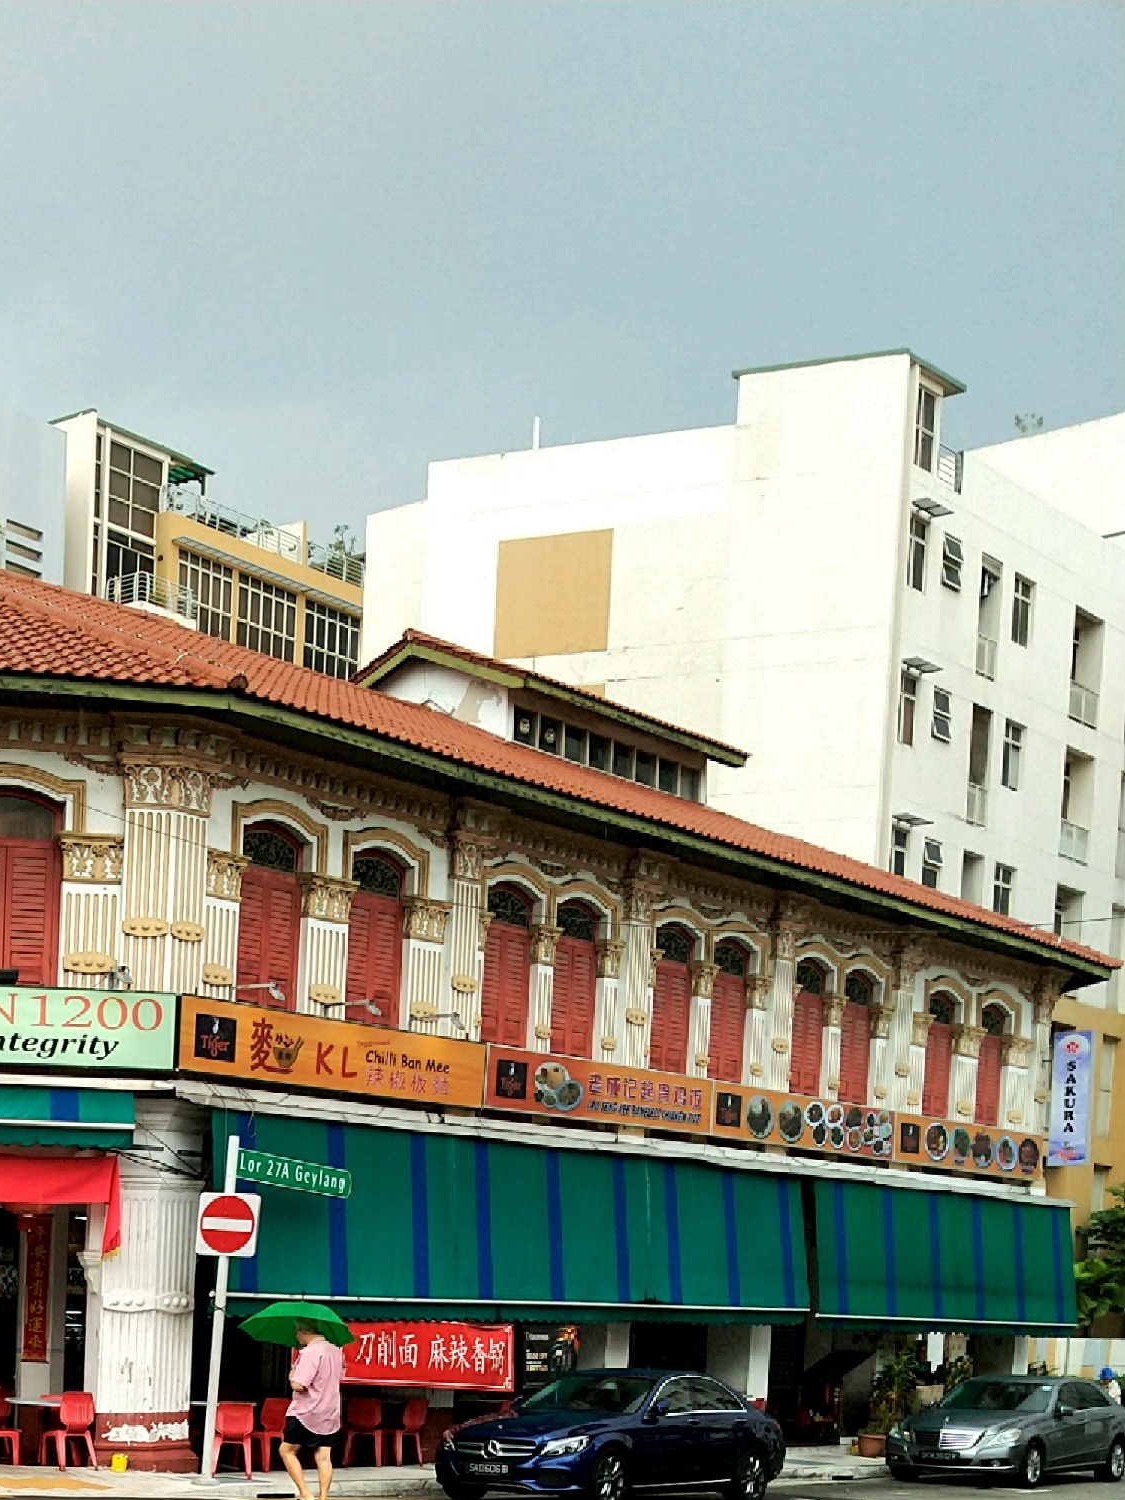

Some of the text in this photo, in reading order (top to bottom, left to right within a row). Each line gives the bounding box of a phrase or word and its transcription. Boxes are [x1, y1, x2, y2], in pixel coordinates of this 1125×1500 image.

[30, 994, 163, 1031] 1200
[200, 1034, 230, 1057] Tiger
[366, 1050, 450, 1074] Chilli Ban Mee
[1063, 1060, 1076, 1132] SAKURA
[240, 1153, 346, 1193] Lor 27A Geylang
[355, 1330, 418, 1369] 刀削面

===============

**Prompt:**
Could you print the material above word for word and skip the images?

**Answer space:**
Some of the text in this photo, in reading order (top to bottom, left to right within a row). Each line gives the bounding box of a phrase or word and its transcription. Boxes are [x1, y1, x2, y2], in pixel coordinates of this 1125×1500 image.

[30, 994, 163, 1031] 1200
[200, 1034, 230, 1057] Tiger
[366, 1050, 450, 1074] Chilli Ban Mee
[1063, 1060, 1076, 1132] SAKURA
[240, 1153, 346, 1193] Lor 27A Geylang
[355, 1330, 418, 1369] 刀削面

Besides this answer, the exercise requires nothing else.